Your assignment: To complete the exercise, repeat every record exactly as it stands.
________________
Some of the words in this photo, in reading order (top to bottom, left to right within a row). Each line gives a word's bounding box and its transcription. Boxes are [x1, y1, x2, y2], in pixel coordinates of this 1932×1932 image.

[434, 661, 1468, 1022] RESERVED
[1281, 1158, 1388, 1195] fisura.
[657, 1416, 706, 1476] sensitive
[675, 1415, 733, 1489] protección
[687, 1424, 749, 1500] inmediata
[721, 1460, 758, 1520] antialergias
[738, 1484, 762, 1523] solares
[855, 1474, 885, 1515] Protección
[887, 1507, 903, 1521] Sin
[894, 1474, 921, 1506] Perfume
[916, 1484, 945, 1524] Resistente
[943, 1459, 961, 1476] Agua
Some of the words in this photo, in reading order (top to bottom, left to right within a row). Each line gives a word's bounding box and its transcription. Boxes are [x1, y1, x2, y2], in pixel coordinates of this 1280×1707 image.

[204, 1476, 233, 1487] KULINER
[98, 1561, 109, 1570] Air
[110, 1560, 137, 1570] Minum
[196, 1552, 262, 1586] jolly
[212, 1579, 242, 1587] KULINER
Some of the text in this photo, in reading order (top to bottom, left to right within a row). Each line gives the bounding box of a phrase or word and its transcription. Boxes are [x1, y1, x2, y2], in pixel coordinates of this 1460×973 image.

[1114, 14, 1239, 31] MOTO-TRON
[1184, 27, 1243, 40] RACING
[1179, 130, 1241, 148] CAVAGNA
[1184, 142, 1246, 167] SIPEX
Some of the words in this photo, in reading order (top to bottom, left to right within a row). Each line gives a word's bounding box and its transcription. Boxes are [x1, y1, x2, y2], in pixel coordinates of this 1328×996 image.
________________
Answer for this exercise:
Some of the words in this photo, in reading order (top to bottom, left to right within a row). Each line gives a word's bounding box and its transcription. Boxes are [x1, y1, x2, y2], in pixel coordinates of this 1932×1932 image.

[434, 661, 1468, 1022] RESERVED
[1281, 1158, 1388, 1195] fisura.
[657, 1416, 706, 1476] sensitive
[675, 1415, 733, 1489] protección
[687, 1424, 749, 1500] inmediata
[721, 1460, 758, 1520] antialergias
[738, 1484, 762, 1523] solares
[855, 1474, 885, 1515] Protección
[887, 1507, 903, 1521] Sin
[894, 1474, 921, 1506] Perfume
[916, 1484, 945, 1524] Resistente
[943, 1459, 961, 1476] Agua
Some of the words in this photo, in reading order (top to bottom, left to right within a row). Each line gives a word's bounding box and its transcription. Boxes are [x1, y1, x2, y2], in pixel coordinates of this 1280×1707 image.

[204, 1476, 233, 1487] KULINER
[98, 1561, 109, 1570] Air
[110, 1560, 137, 1570] Minum
[196, 1552, 262, 1586] jolly
[212, 1579, 242, 1587] KULINER
Some of the text in this photo, in reading order (top to bottom, left to right within a row). Each line gives the bounding box of a phrase or word and its transcription. Boxes are [x1, y1, x2, y2], in pixel coordinates of this 1460×973 image.

[1114, 14, 1239, 31] MOTO-TRON
[1184, 27, 1243, 40] RACING
[1179, 130, 1241, 148] CAVAGNA
[1184, 142, 1246, 167] SIPEX
Some of the words in this photo, in reading order (top to bottom, left to right within a row). Each line gives a word's bounding box and its transcription. Boxes are [x1, y1, x2, y2], in pixel coordinates of this 1328×996 image.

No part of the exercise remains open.